Israel launched air strikes on Gaza on Dec. 27 in response to Hamas rocket attacks on southern Israel. The militant Palestinian group controls Gaza while its rival, Fatah, governs the West Bank. The Israeli air campaign later expanded to include a ground invasion.

Roughly 1,300 Palestinians and 13 Israelis were killed in the violence.

Holmes called the Palestinian casualty toll "extremely shocking" and suggested the UN might ask Israel to compensate it for wartime damage to UN compounds in Gaza. Hundreds of tonnes of humanitarian aid were destroyed by an Israeli shelling of the main UN compound, and several staff members were killed in the violence, he said.

Halting the flow of arms from Egypt into Gaza was one of the main objectives of the Israeli military operation.

Senior Israeli envoy Amos Gilad headed to Egypt on Thursday to discuss ways to prevent Gaza militants from replenishingtheirwar-battered arsenal, while Israeli Foreign Minister Tzipi Livni is in Brussels seeking European Union support for anti-smuggling measures.

As diplomatic efforts continued, Israeli media reported that a number of cabinet ministers are considering freeing some Palestinian prisoners in exchange for Israeli soldier Sgt.
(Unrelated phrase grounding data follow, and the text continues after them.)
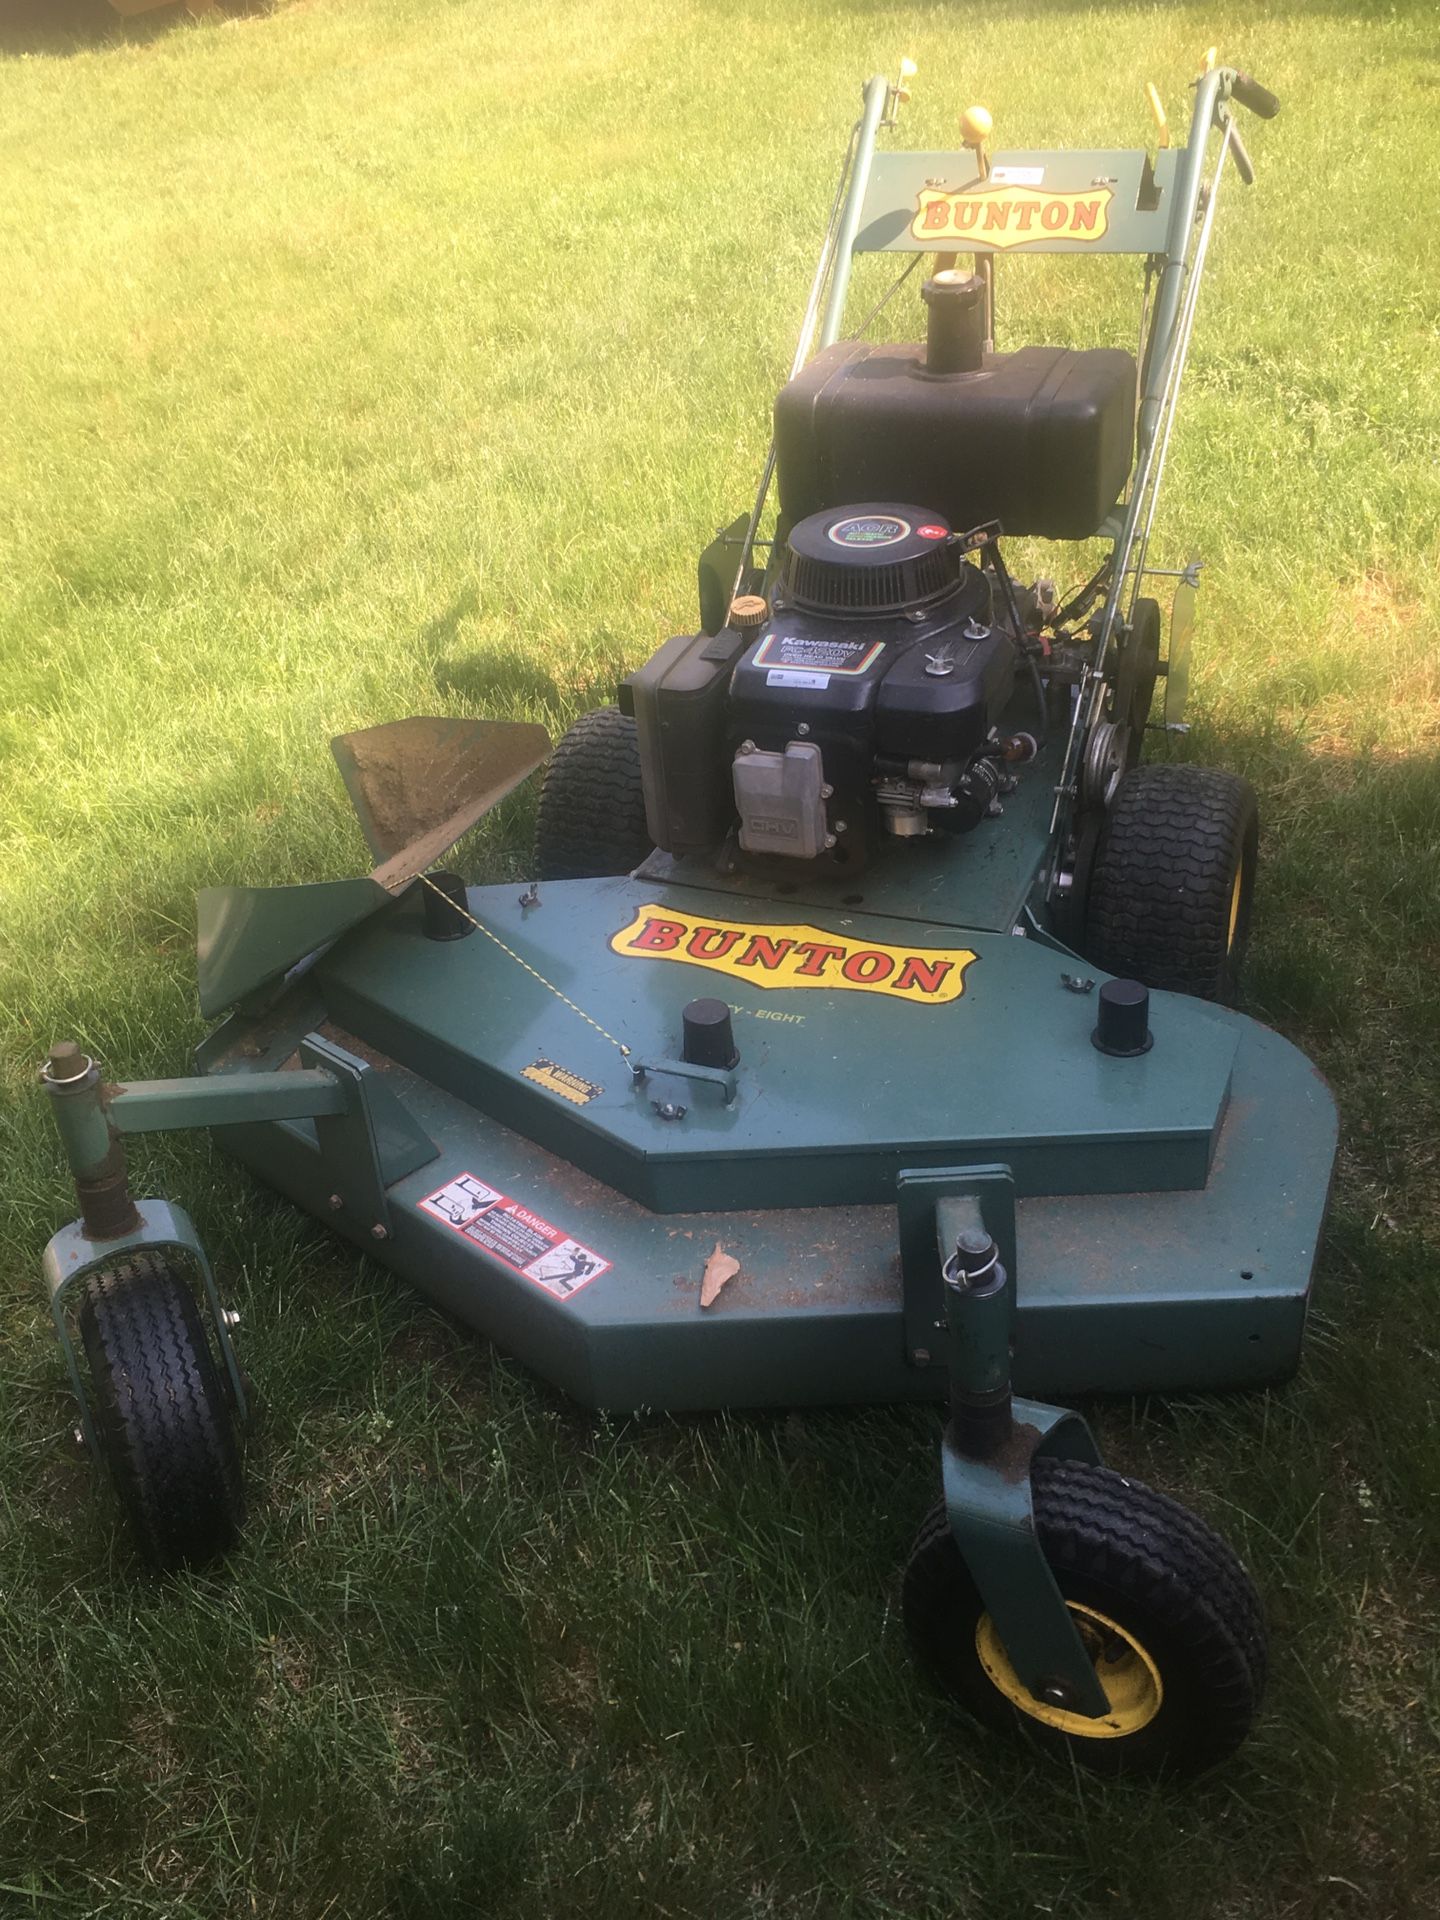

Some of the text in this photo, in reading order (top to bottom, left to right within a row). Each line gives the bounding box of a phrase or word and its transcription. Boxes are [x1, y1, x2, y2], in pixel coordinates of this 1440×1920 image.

[922, 200, 1101, 231] BUNTON
[781, 637, 866, 651] Kawasaki
[628, 918, 954, 993] BUNTON
[755, 1009, 806, 1024] EIGHT
[553, 1070, 591, 1093] WARNING
[516, 1210, 558, 1238] DANGER
Gilad Schalit, captured by Hamas-affiliated militants in a June 2006 cross-border raid.

Any prisoner swap deal likely would be tied to an arrangement to end the Gaza blockade.
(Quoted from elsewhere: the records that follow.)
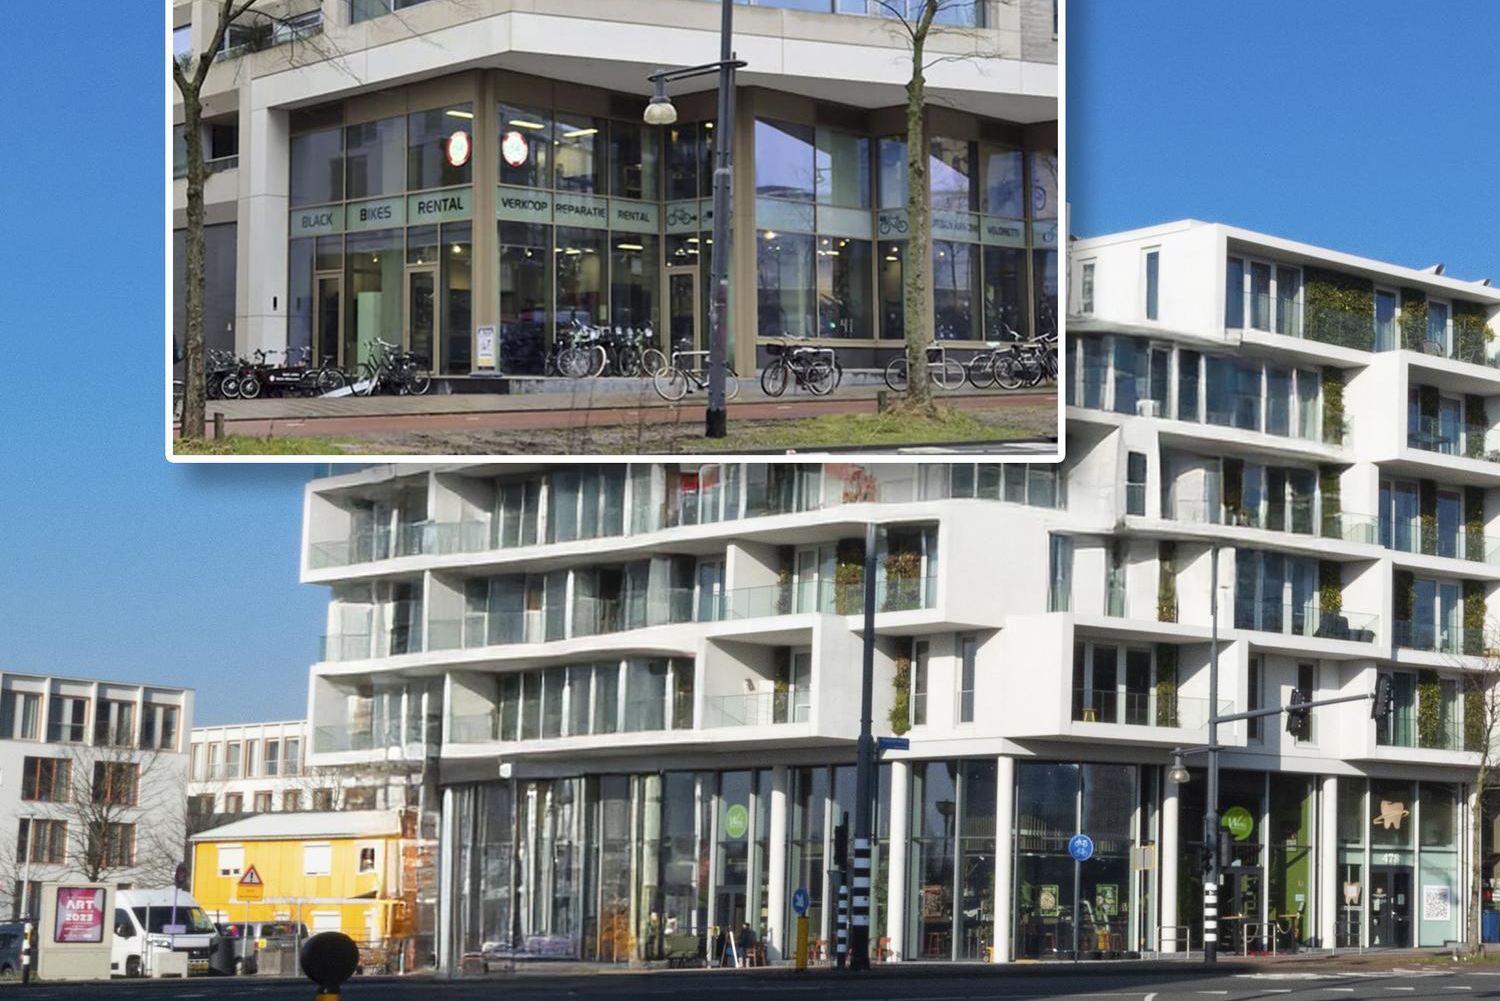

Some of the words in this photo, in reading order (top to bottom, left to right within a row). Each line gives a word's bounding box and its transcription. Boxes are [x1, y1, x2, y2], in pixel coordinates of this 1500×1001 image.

[301, 212, 334, 229] BLACK
[359, 205, 392, 222] BIKES
[417, 196, 464, 216] RENTAL
[501, 197, 548, 211] VERKOOP
[555, 203, 606, 219] REPARATIE
[617, 208, 650, 223] RENTAL
[66, 899, 94, 910] ART
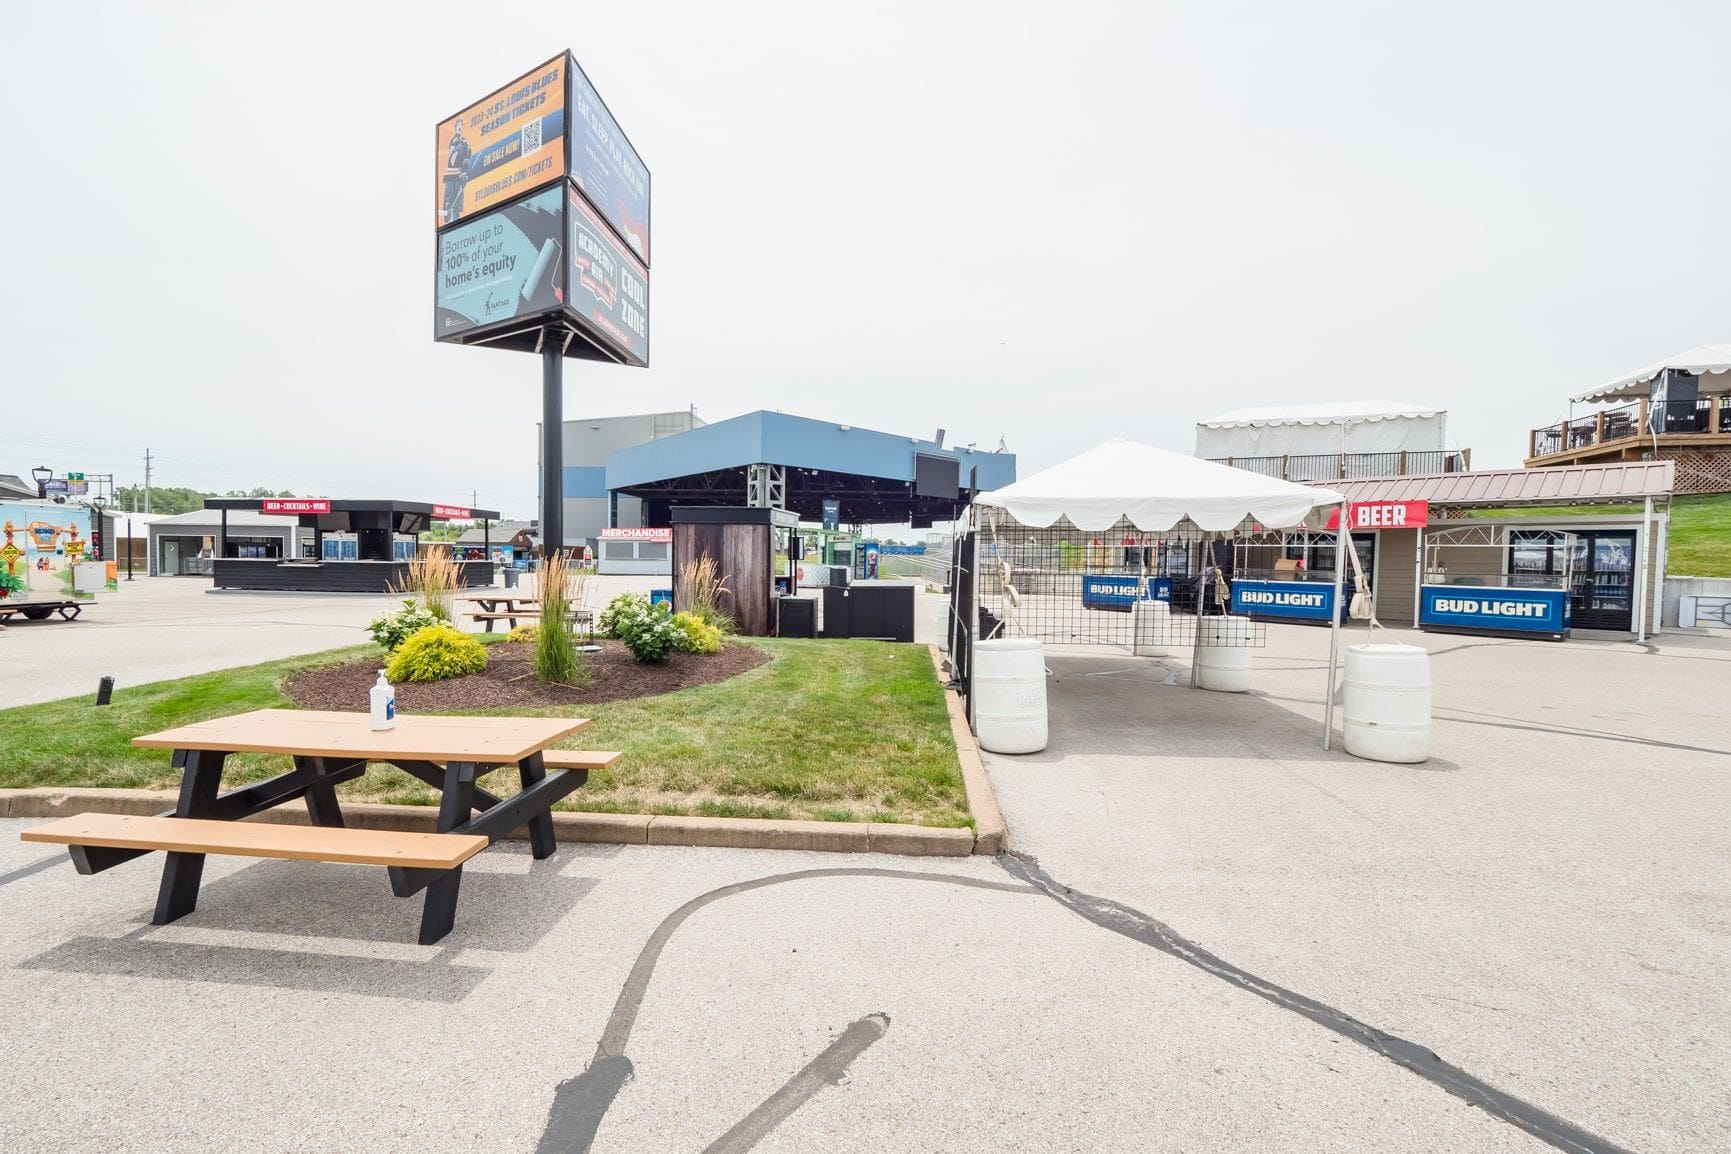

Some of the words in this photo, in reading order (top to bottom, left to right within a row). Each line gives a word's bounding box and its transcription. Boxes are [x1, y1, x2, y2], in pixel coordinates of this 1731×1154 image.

[505, 85, 530, 107] LOUIS
[530, 68, 558, 93] BLUES
[481, 113, 510, 136] SEASON
[511, 92, 546, 120] TICKETS
[491, 146, 505, 163] SALE
[445, 234, 476, 254] Borrow
[479, 229, 491, 246] up
[493, 223, 503, 236] to
[445, 252, 470, 271] 100%
[471, 245, 481, 262] of
[483, 241, 503, 262] your
[579, 233, 614, 278] ACADEMY
[445, 265, 480, 289] home's
[482, 254, 516, 277] equity
[591, 263, 604, 284] AIR
[621, 266, 645, 310] COOL
[621, 299, 645, 339] ZONE
[267, 502, 280, 510] BEER
[1357, 505, 1406, 527] BEER
[602, 528, 670, 538] MERCHANDISE
[1090, 584, 1113, 595] BUD
[1241, 591, 1276, 603] BUD
[1275, 592, 1324, 607] LIGHT
[1435, 599, 1479, 613] BUD
[1481, 601, 1548, 617] LIGHT
Gadhafi pitches 'Isratine'

Also Thursday, Libyan leader Moammar Gadhafi offered his take on how to solve the crisis in the Middle East.
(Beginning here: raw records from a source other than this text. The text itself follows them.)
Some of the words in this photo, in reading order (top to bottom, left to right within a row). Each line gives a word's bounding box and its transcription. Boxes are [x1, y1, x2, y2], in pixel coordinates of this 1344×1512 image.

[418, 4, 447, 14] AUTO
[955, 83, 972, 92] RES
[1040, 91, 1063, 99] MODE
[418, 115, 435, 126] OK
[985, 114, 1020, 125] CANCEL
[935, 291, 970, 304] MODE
A New York Times opinion piece penned by Gadhafi said a two-state solution will not solve the Israeli-Palestinian conflict and that the only way to achieve peace is to create a joint state called "Isratine."

"As Gaza still smoulders, calls for a two-state solution or partition persist. But neither will work," he wrote.

"The two movements must remain in perpetual war or a compromise must be reached. The compromise is one state for all, an 'Isratine' that would allow the people in each party to feel that they live in all of the disputed land and they are not deprived of any one part of it."

The comments differ sharply from his calls earlier this month for Arab leaders to allow volunteers to join with Hamas militants to fight against Israel.

Gadhafi also repeatedly called for Israel's Jews to be driven into the sea in the 1970s and 1980s when he was a champion of Arab nationalist positions opposing U.S. and Israeli policies.

Relations with the West warmed in the late 1990s when Libya handed over two suspects wanted in connection with the 1988 bombing of a Pan Am plane.

Corrections

  • We originally reported that Israel has not reopened its border crossings to Gaza. While Israel hasn't fully reopened the crossings, it has allowed humanitarian aid supplies into Gaza. More than 2,000 supply trucks have entered Gaza through these crossings since the start of the 22-day conflict between Israel and Hamas, according to the Israeli Ministry of Foreign Affairs.